REQUIRED WORK.
Lines before the one containing "this 2353×1568 image." are left out; that line and all after it, through the end of the records, must be transcribed exactly.

** EXTRACTED RECORDS follows **

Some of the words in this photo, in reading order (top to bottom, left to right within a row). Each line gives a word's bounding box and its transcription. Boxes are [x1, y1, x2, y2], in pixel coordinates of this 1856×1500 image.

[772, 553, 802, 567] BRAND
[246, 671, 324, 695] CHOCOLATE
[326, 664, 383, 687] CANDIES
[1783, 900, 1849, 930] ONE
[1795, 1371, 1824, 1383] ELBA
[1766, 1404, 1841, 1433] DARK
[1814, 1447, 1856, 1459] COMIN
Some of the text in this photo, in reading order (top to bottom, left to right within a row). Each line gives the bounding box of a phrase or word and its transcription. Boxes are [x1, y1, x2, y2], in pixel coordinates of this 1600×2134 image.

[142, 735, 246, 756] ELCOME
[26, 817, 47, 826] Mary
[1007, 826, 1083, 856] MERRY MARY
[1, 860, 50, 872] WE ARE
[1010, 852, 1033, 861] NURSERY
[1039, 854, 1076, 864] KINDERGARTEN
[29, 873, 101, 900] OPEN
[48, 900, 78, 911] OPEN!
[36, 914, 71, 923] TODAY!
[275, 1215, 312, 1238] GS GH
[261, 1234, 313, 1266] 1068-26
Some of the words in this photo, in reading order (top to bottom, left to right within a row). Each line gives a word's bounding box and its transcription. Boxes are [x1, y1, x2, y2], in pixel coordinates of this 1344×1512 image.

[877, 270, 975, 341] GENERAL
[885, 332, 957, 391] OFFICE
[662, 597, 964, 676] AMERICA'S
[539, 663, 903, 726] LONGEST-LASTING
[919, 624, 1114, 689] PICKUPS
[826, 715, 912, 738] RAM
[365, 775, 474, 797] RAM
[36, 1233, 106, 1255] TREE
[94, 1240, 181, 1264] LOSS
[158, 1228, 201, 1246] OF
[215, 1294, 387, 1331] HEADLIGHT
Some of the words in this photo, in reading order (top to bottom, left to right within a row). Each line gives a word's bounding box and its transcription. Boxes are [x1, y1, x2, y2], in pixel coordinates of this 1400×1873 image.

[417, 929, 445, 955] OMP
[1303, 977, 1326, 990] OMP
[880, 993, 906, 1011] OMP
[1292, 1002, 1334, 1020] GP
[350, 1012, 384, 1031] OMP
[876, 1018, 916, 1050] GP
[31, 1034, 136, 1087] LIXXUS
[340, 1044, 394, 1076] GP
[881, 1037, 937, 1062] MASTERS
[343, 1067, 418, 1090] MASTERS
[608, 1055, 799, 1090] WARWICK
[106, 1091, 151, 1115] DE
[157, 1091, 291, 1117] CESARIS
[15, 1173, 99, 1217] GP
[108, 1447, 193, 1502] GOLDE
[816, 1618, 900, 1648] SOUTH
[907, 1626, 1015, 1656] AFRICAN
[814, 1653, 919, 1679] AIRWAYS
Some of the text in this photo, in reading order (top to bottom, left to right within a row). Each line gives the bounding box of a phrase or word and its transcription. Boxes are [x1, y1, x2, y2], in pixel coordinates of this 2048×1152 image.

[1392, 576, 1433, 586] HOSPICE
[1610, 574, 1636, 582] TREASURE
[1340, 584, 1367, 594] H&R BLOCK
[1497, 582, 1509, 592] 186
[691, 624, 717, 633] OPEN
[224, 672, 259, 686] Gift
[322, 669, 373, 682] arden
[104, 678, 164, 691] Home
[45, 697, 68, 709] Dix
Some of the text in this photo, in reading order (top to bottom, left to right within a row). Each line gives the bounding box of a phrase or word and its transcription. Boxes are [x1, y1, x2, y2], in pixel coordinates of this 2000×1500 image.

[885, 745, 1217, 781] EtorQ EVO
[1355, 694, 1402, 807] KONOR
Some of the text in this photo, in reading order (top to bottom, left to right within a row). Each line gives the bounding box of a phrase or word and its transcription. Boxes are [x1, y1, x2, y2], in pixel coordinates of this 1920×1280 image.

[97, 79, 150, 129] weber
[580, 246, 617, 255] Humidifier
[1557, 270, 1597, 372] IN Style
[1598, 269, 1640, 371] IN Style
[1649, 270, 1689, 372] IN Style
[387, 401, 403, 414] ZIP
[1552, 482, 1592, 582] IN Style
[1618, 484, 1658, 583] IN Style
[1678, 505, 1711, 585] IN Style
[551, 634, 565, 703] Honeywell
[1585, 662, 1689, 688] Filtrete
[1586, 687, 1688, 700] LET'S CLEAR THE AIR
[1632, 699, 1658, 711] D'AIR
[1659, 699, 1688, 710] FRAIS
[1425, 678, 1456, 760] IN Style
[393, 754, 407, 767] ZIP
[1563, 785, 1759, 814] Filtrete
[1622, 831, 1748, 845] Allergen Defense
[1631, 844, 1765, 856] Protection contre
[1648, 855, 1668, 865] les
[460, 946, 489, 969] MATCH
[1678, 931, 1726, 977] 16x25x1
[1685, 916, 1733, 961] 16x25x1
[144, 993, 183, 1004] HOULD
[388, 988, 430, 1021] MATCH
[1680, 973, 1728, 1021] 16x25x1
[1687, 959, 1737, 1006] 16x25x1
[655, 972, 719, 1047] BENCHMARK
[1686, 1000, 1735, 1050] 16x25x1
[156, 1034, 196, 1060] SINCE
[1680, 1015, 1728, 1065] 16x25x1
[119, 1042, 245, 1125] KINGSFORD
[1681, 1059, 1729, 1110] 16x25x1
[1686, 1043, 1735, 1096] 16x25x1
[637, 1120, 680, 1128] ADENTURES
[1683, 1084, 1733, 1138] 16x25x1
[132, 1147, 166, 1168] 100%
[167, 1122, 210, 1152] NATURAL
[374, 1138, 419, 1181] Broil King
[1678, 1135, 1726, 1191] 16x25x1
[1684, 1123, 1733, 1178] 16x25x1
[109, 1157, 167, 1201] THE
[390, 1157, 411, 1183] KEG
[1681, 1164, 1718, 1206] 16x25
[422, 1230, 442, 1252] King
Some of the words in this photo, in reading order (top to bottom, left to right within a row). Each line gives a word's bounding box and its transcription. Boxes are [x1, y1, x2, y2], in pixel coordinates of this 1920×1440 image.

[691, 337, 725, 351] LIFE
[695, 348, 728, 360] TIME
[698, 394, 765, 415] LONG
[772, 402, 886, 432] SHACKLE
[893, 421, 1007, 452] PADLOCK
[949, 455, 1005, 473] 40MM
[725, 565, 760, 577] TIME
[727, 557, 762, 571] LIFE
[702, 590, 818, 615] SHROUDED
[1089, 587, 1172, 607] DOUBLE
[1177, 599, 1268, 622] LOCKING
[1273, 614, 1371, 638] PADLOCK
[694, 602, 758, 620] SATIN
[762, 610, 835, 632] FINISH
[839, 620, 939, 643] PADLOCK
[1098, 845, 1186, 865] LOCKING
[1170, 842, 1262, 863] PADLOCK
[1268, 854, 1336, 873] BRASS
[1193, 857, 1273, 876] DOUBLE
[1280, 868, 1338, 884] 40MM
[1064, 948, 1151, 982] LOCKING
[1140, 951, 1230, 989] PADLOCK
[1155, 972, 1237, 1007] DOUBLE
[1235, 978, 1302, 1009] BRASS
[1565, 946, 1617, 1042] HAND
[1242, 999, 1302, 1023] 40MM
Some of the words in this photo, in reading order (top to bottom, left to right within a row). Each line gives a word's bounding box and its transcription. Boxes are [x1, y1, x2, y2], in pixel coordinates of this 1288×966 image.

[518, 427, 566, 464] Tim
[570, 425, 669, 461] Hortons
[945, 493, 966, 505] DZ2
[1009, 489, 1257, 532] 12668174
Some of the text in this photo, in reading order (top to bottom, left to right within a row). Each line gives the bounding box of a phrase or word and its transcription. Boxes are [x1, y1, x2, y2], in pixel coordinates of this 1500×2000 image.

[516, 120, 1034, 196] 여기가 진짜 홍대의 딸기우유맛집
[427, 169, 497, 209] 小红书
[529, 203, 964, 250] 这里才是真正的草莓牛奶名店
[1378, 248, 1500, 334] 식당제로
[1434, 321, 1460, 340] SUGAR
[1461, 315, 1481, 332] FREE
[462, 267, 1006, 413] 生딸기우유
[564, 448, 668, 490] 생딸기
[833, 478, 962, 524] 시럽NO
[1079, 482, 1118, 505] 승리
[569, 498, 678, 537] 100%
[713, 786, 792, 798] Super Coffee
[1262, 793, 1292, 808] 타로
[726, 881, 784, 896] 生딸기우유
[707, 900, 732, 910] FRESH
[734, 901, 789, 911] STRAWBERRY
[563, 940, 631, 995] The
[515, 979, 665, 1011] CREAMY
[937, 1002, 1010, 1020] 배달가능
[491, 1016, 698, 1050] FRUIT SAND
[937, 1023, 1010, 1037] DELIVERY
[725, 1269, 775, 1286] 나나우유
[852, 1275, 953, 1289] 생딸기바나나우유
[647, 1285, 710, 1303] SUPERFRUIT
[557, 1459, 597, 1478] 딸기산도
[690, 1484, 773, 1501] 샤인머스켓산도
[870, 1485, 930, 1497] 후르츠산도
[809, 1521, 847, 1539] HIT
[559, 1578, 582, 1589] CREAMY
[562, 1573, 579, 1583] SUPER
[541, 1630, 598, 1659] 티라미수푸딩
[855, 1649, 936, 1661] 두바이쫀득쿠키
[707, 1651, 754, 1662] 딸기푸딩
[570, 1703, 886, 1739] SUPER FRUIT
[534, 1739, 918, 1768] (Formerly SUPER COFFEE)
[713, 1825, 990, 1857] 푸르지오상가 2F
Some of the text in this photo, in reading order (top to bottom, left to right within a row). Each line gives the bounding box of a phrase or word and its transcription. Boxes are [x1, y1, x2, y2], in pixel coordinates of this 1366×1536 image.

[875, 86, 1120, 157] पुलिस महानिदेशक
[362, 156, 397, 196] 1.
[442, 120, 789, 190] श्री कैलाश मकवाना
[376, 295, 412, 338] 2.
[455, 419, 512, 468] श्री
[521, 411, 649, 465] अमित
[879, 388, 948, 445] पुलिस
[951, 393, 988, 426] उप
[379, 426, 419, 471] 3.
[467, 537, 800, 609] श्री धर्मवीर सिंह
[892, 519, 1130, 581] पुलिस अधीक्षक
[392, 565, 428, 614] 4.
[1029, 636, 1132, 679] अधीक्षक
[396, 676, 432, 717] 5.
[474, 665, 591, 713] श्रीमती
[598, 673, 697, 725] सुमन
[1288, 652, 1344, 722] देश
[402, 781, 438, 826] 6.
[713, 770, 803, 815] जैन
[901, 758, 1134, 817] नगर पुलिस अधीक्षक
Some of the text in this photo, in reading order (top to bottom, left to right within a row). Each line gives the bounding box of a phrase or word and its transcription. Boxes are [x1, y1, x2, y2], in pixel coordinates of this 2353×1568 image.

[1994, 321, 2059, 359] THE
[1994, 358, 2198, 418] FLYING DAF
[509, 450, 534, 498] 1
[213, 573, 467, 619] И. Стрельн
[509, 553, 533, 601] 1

** End of EXTRACTED RECORDS **

EXERCISE OUTPUT.
Some of the text in this photo, in reading order (top to bottom, left to right within a row). Each line gives the bounding box of a phrase or word and its transcription. Boxes are [x1, y1, x2, y2], in pixel coordinates of this 2353×1568 image.

[1994, 321, 2059, 359] THE
[1994, 358, 2198, 418] FLYING DAF
[509, 450, 534, 498] 1
[213, 573, 467, 619] И. Стрельн
[509, 553, 533, 601] 1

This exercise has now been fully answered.